*THE DATA:*
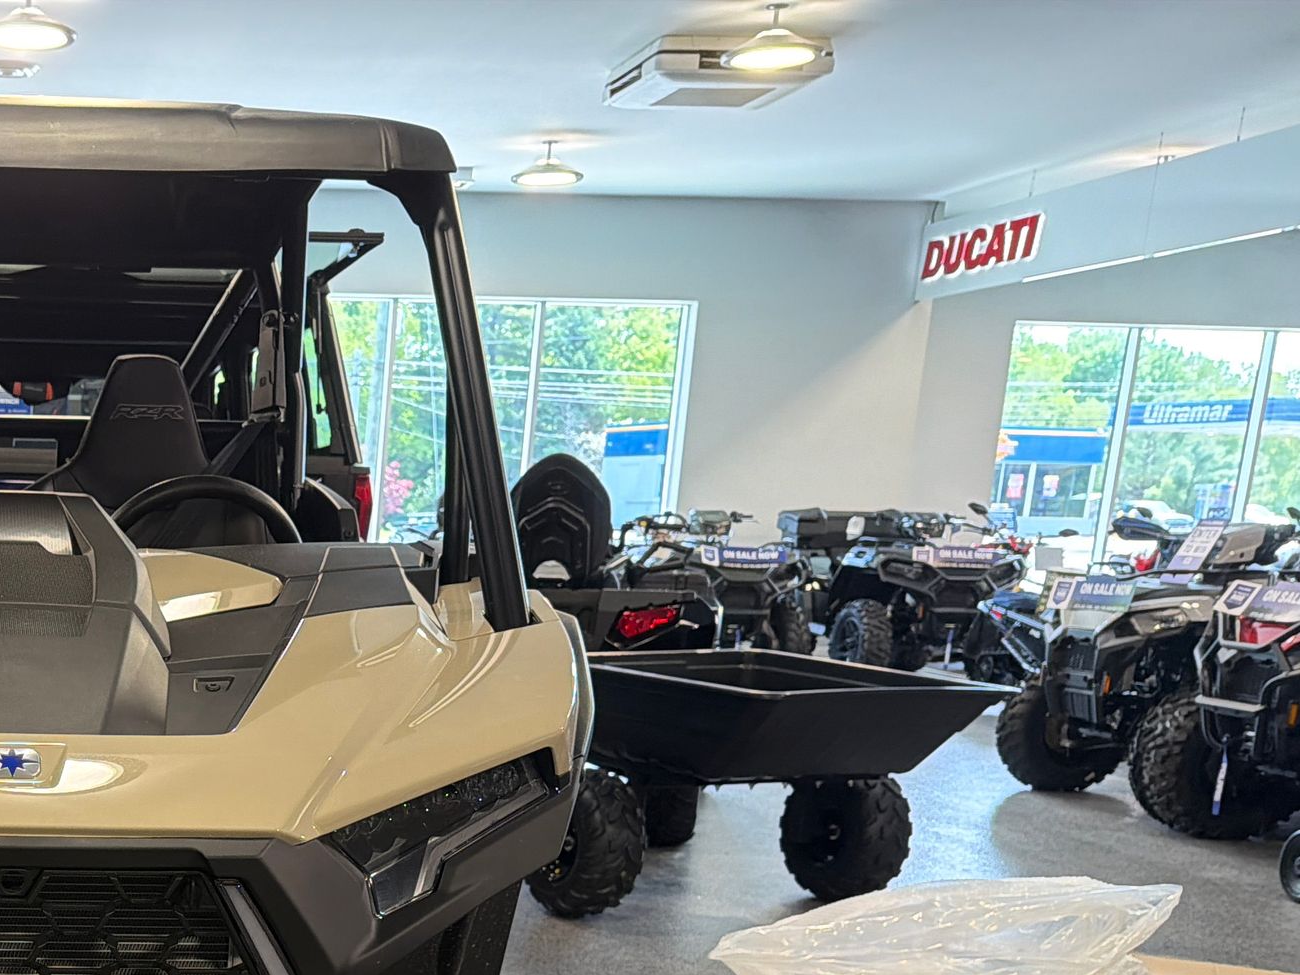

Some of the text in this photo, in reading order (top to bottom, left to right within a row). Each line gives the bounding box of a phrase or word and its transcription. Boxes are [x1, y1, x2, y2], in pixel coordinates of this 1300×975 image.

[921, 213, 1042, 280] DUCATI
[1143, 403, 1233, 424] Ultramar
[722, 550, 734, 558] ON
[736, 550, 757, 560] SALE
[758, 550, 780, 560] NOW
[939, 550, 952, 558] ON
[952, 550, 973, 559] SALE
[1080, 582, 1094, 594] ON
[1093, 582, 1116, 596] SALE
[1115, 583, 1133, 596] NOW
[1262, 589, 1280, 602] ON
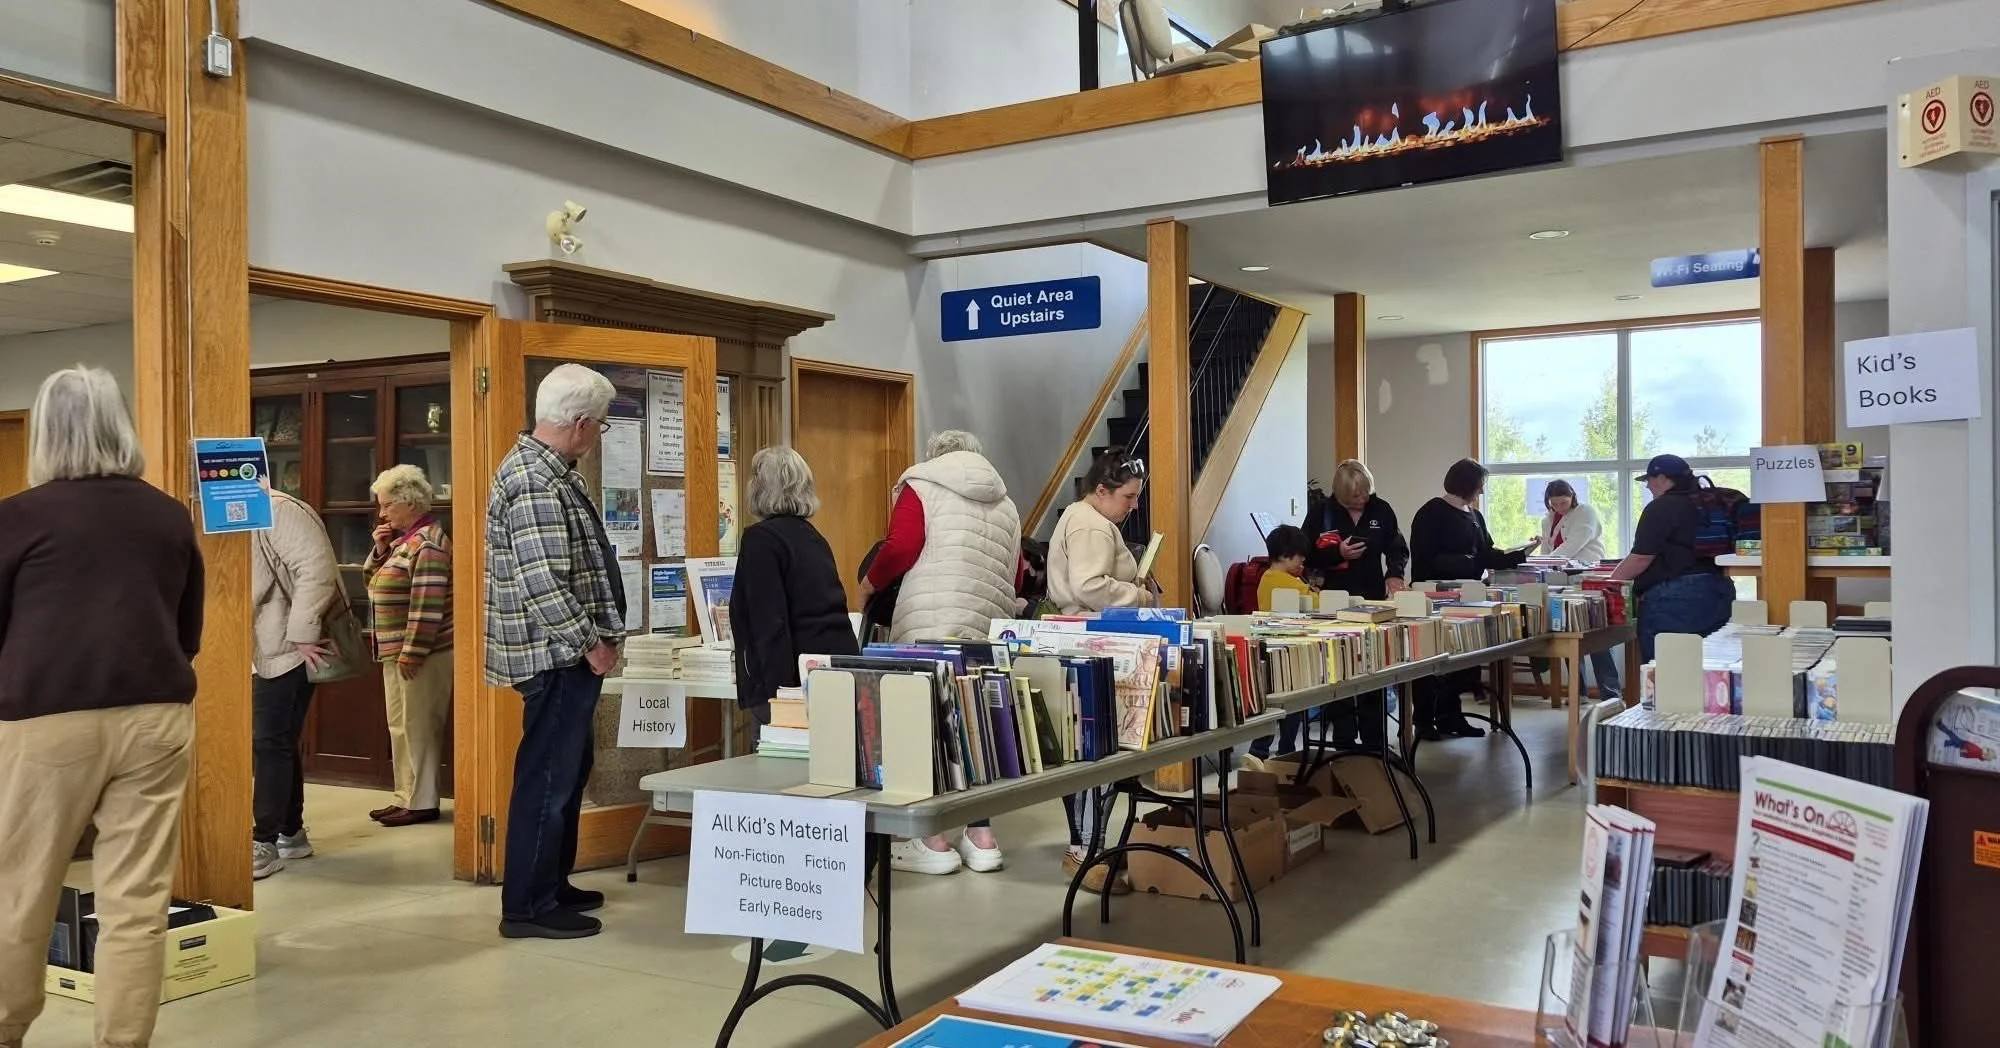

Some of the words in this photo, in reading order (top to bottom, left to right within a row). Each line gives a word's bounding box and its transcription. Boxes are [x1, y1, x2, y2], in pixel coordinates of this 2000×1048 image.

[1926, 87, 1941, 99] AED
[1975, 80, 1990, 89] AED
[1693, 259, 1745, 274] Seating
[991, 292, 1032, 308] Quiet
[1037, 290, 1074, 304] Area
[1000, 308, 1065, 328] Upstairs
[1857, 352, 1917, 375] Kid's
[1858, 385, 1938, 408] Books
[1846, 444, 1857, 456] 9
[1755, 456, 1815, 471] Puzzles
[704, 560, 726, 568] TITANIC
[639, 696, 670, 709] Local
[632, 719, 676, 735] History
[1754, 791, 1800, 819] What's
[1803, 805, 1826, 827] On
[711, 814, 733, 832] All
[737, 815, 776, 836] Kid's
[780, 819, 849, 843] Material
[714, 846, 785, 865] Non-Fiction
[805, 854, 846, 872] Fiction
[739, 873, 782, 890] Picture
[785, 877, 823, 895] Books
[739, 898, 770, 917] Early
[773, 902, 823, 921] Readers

*REQUIREMENT:* Copy exactly the lines running from the one that contains "Some of the words" to the end of the material, both ends included.

*RESPONSE:*
Some of the words in this photo, in reading order (top to bottom, left to right within a row). Each line gives a word's bounding box and its transcription. Boxes are [x1, y1, x2, y2], in pixel coordinates of this 2000×1048 image.

[1926, 87, 1941, 99] AED
[1975, 80, 1990, 89] AED
[1693, 259, 1745, 274] Seating
[991, 292, 1032, 308] Quiet
[1037, 290, 1074, 304] Area
[1000, 308, 1065, 328] Upstairs
[1857, 352, 1917, 375] Kid's
[1858, 385, 1938, 408] Books
[1846, 444, 1857, 456] 9
[1755, 456, 1815, 471] Puzzles
[704, 560, 726, 568] TITANIC
[639, 696, 670, 709] Local
[632, 719, 676, 735] History
[1754, 791, 1800, 819] What's
[1803, 805, 1826, 827] On
[711, 814, 733, 832] All
[737, 815, 776, 836] Kid's
[780, 819, 849, 843] Material
[714, 846, 785, 865] Non-Fiction
[805, 854, 846, 872] Fiction
[739, 873, 782, 890] Picture
[785, 877, 823, 895] Books
[739, 898, 770, 917] Early
[773, 902, 823, 921] Readers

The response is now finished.